Let p be prime. Show that p ∤ n, where n is a positive integer, iff $\phi$(np) = (p-1)$\phi$(n).

Homework Equations

Theorem 1: If p is prime, then $\phi$(p) = p-1. Conversely, if p is a positive integer with $\phi$(p) = p-1, then p is prime.

Theorem 2: Let m and n be relatively prime positive numbers. Then $\phi$(mn) = $\phi$(m)$\phi$(n).

The Attempt at a Solution

Assume that p ∤ n.
By Theorem 2, $\phi$(np) = $\phi$(n)$\phi$(p).
By Theorem 1, $\phi$(np) = $\phi$(n)$\cdot$(p-1).
So, if p ∤ n, then $\phi$(np) = (p-1)$\cdot$$\phi$(n).

Now, assume that $\phi$(np) = (p-1)$\phi$(n).
By Theorem 1, $\phi$(np) = $\phi$(p)$\phi$(n), since p is prime.

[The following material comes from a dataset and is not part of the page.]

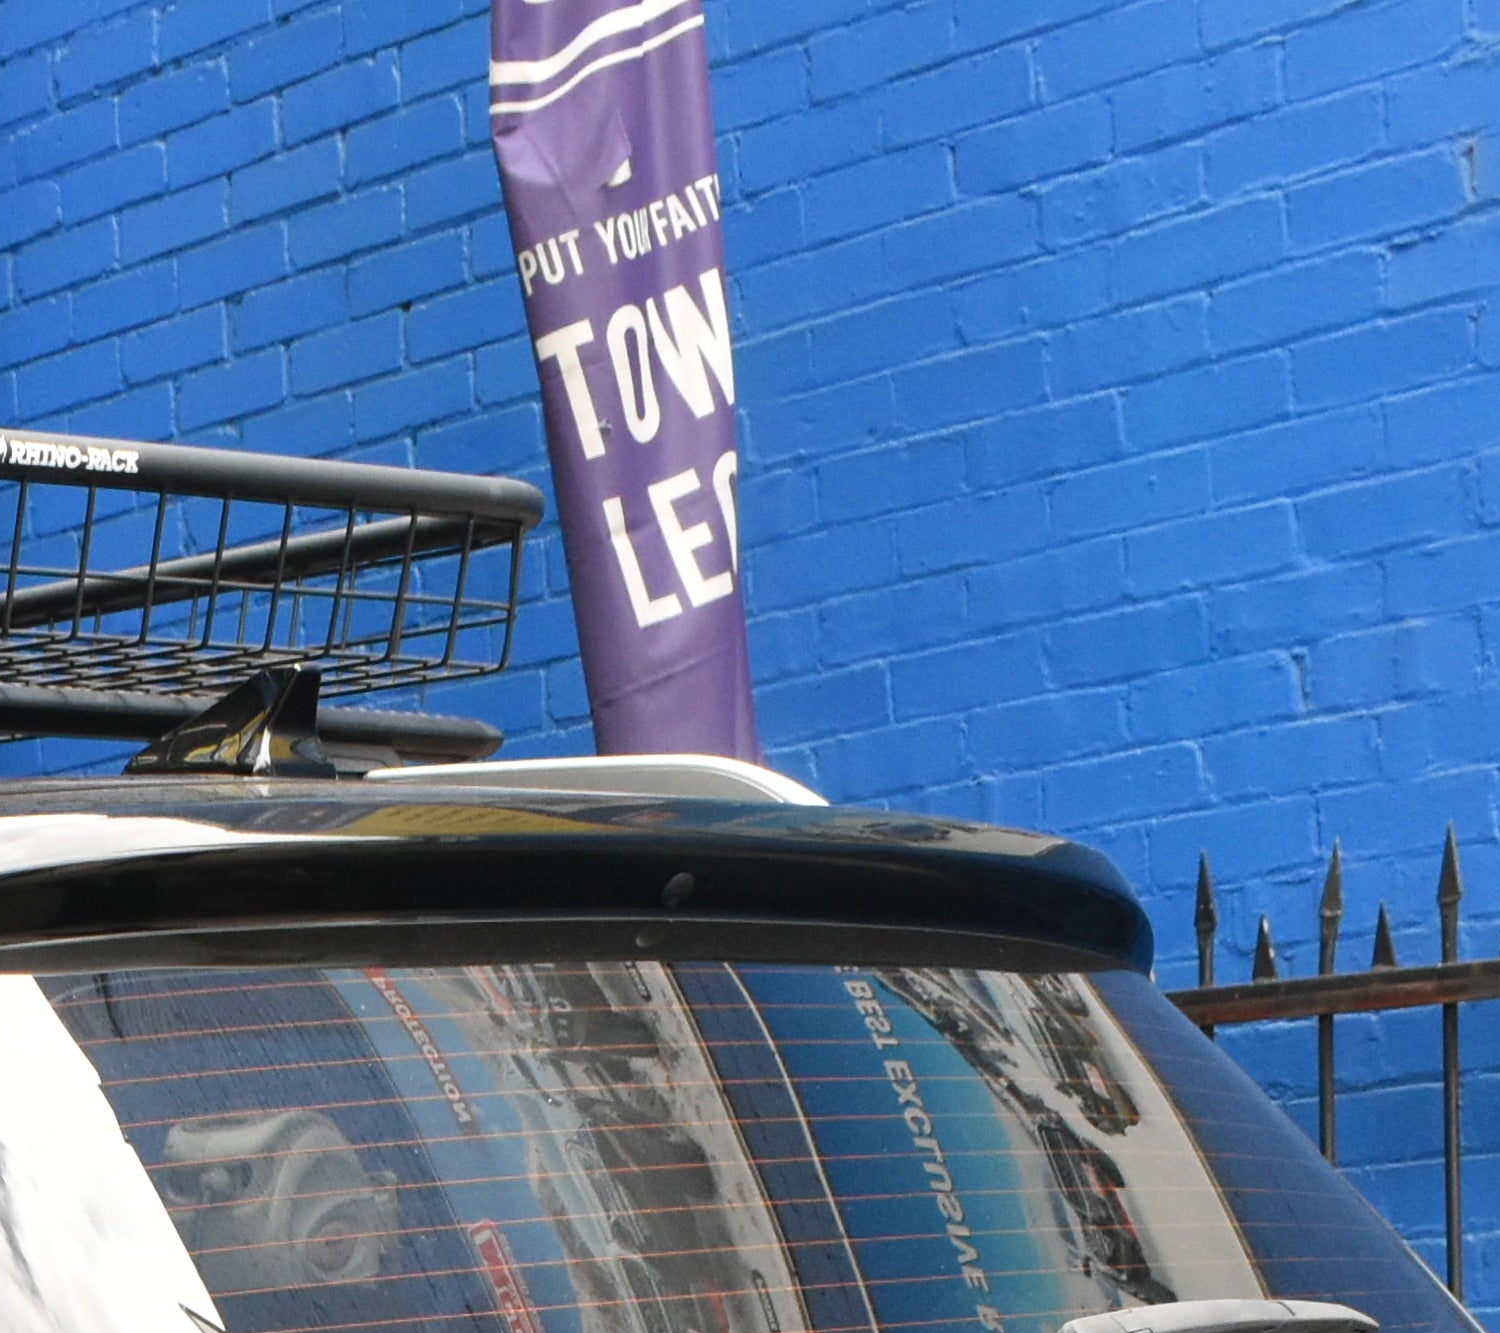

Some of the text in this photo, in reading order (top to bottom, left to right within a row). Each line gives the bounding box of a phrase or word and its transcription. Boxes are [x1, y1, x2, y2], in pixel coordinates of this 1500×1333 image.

[518, 229, 583, 296] PUT
[535, 268, 735, 460] TOW
[8, 440, 139, 473] RHINO-RACK

...and, that's it. I can't use Theorem 2 to show that n and p are relatively prime, so I'm not entirely sure what to do next. p is prime, so n ∤ p, but I don't see anything to base a conclusion of p ∤ n.

Any help would be greatly appreciated!

 

[Dick]

If a prime p doesn't divide n then aren't p and n relatively prime? A common divisor of p and n must divide p. Think about it.